Exercise: For this listing, the lines between the one holding "this 1288×966 image." and the one holding "this 1632×1088 image.", inclusive, must be set down exactly.

• • • • • • •

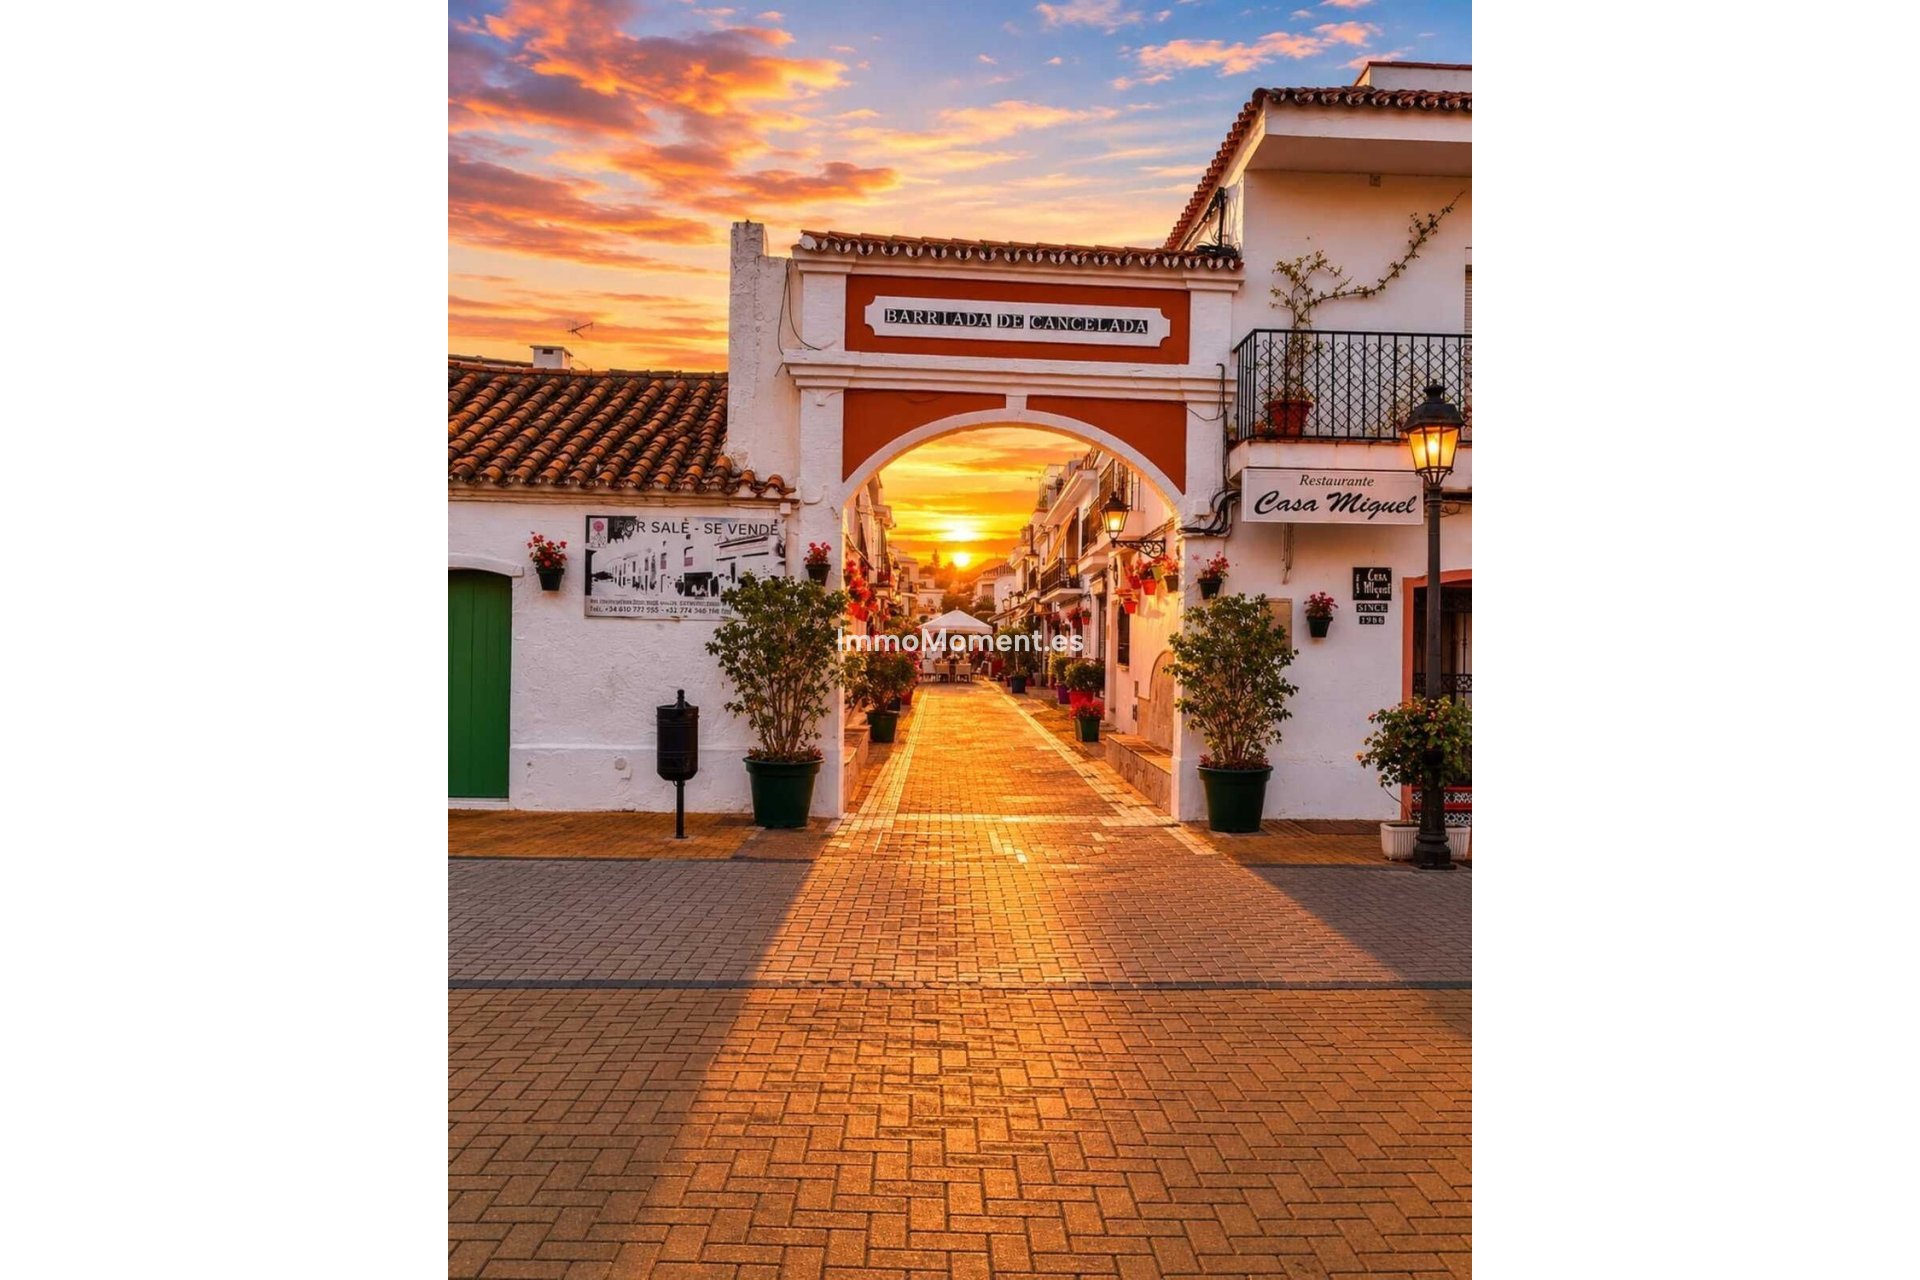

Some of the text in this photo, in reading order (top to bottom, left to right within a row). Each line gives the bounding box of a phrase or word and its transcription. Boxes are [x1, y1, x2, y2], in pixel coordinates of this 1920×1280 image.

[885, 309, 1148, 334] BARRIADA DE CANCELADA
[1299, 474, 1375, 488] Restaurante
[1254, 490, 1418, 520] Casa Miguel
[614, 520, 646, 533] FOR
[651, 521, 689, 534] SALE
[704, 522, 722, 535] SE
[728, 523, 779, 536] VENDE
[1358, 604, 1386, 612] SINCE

• • • • • • •

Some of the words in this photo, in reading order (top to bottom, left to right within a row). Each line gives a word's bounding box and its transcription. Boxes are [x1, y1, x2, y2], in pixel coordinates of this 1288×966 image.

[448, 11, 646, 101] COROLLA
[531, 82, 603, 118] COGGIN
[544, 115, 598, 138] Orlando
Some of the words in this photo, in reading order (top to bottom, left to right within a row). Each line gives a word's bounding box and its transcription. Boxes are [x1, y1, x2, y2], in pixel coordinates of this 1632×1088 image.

• • • • • • •

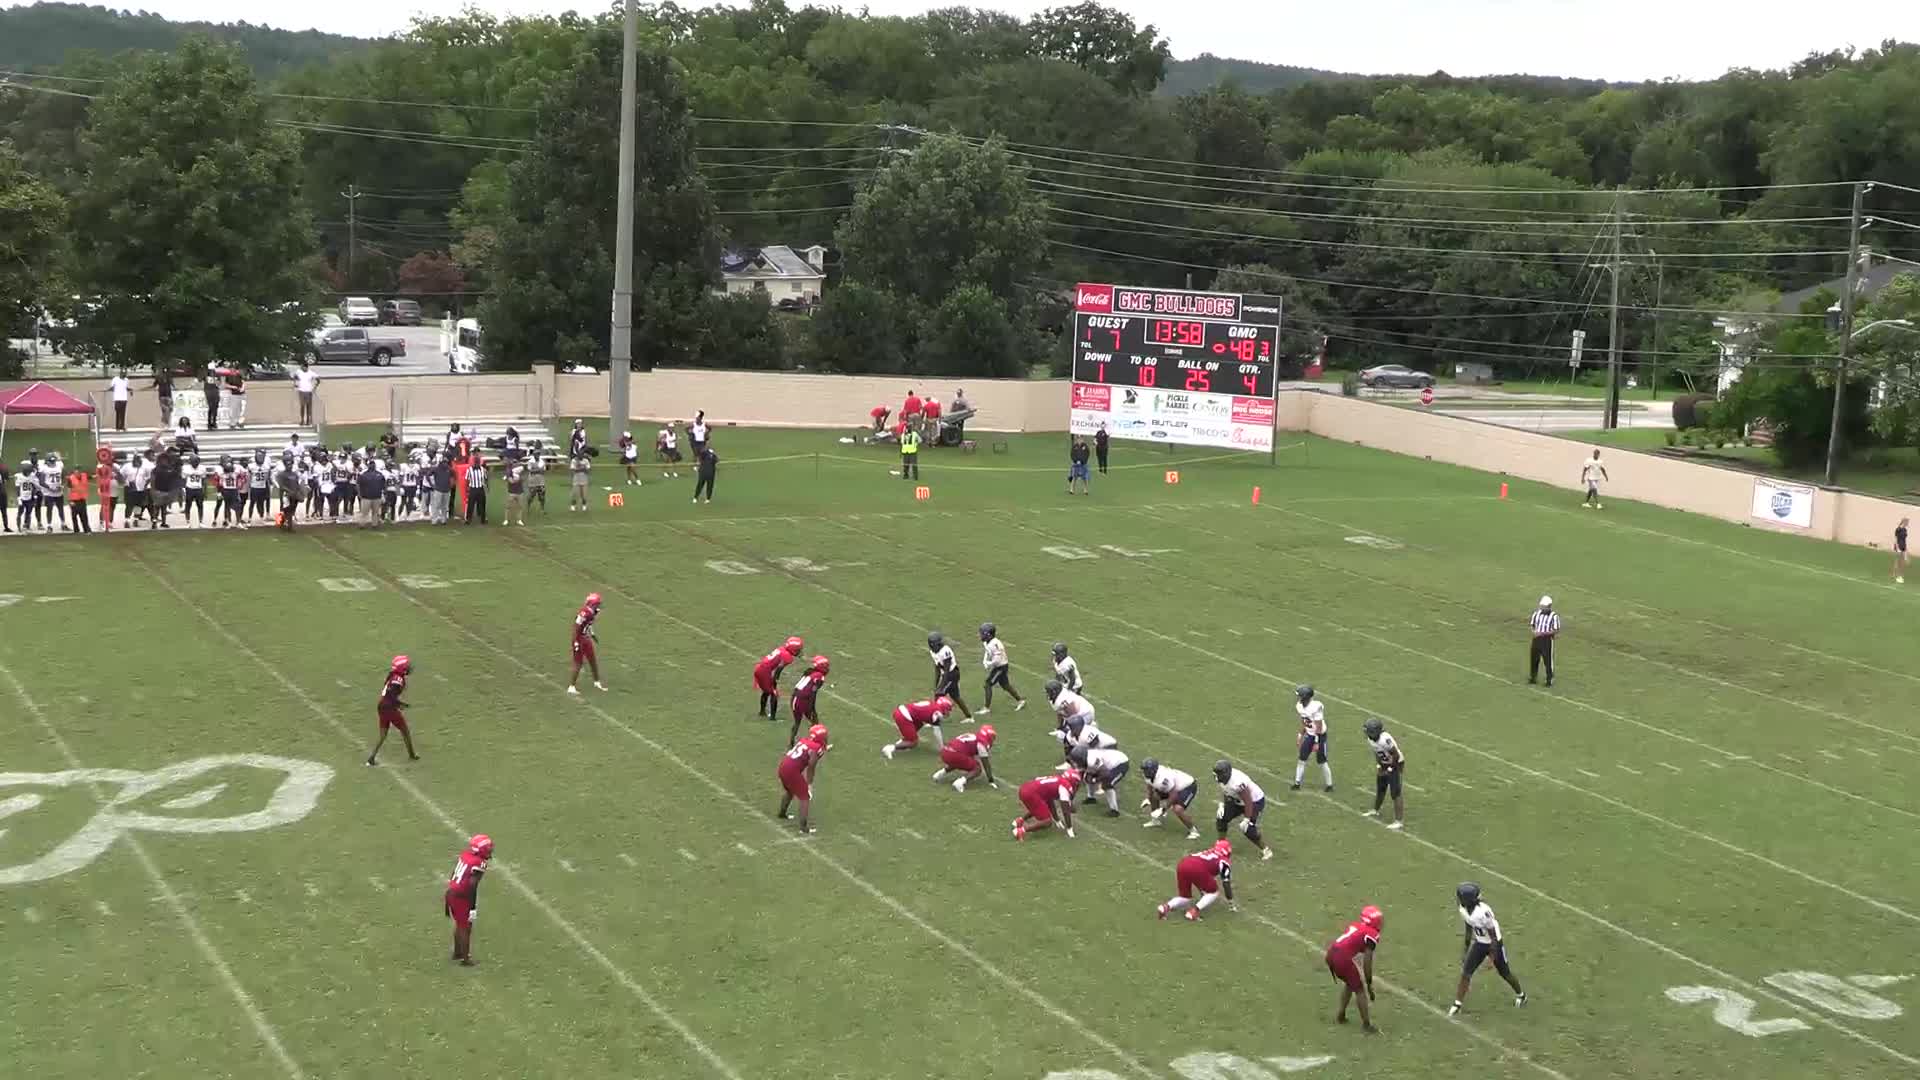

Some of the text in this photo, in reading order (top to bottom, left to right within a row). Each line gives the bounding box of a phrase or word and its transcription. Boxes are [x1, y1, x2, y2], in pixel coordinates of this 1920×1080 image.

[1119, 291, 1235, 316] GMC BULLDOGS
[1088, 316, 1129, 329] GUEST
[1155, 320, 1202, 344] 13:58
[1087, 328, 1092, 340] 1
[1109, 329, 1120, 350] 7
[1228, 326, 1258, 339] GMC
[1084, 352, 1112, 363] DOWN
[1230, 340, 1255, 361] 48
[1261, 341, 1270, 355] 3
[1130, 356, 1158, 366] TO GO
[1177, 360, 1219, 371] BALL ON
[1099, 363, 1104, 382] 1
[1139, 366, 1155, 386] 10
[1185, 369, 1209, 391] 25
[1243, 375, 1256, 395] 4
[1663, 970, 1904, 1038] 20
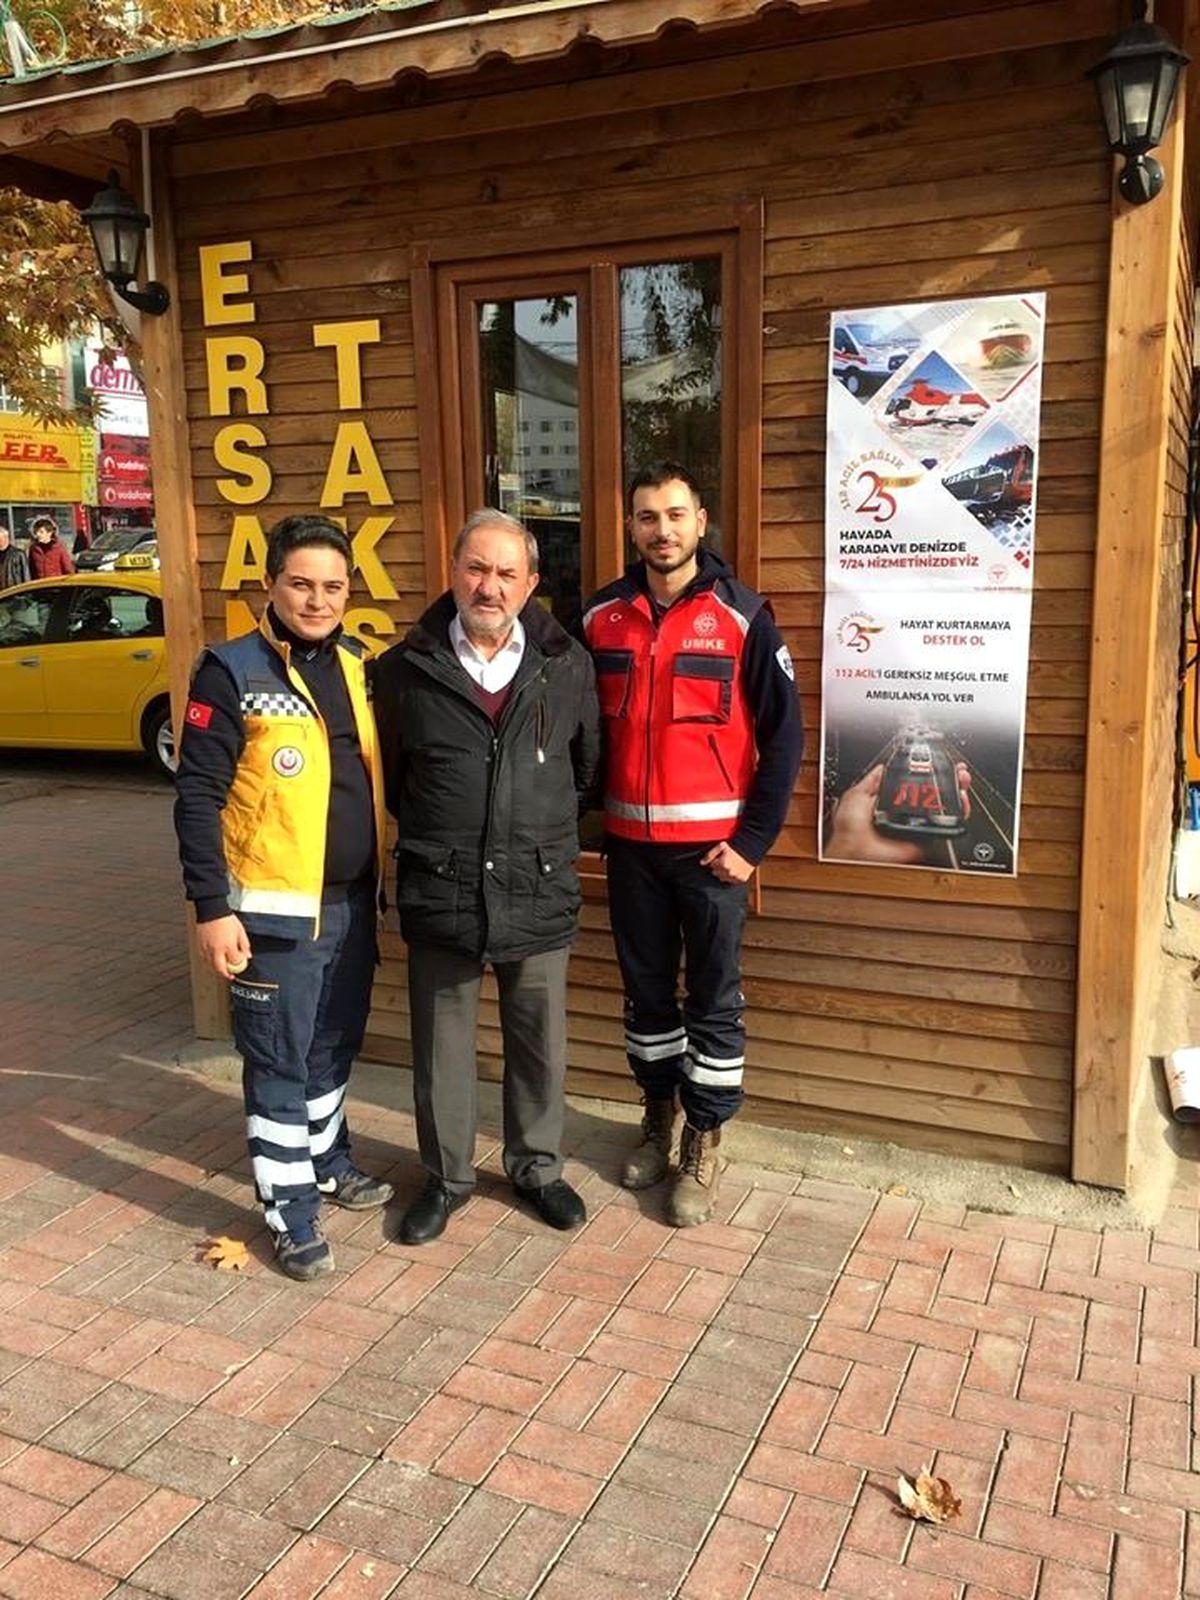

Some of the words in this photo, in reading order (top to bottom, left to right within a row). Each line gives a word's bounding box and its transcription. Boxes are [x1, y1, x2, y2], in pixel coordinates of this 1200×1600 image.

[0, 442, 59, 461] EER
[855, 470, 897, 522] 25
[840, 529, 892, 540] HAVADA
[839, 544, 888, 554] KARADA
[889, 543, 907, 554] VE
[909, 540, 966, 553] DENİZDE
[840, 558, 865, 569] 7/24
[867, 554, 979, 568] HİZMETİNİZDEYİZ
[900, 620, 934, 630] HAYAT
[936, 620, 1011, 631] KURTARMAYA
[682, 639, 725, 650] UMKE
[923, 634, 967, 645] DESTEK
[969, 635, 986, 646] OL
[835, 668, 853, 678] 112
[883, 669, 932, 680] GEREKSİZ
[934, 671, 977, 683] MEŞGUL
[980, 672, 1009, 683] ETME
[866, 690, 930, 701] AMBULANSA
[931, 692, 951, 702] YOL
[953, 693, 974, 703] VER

• • • • • • •

The answer:
Some of the words in this photo, in reading order (top to bottom, left to right within a row). Each line gives a word's bounding box and its transcription. Boxes are [x1, y1, x2, y2], in pixel coordinates of this 1288×966 image.

[448, 11, 646, 101] COROLLA
[531, 82, 603, 118] COGGIN
[544, 115, 598, 138] Orlando
Some of the words in this photo, in reading order (top to bottom, left to right within a row). Each line gives a word's bounding box and its transcription. Boxes are [x1, y1, x2, y2], in pixel coordinates of this 1632×1088 image.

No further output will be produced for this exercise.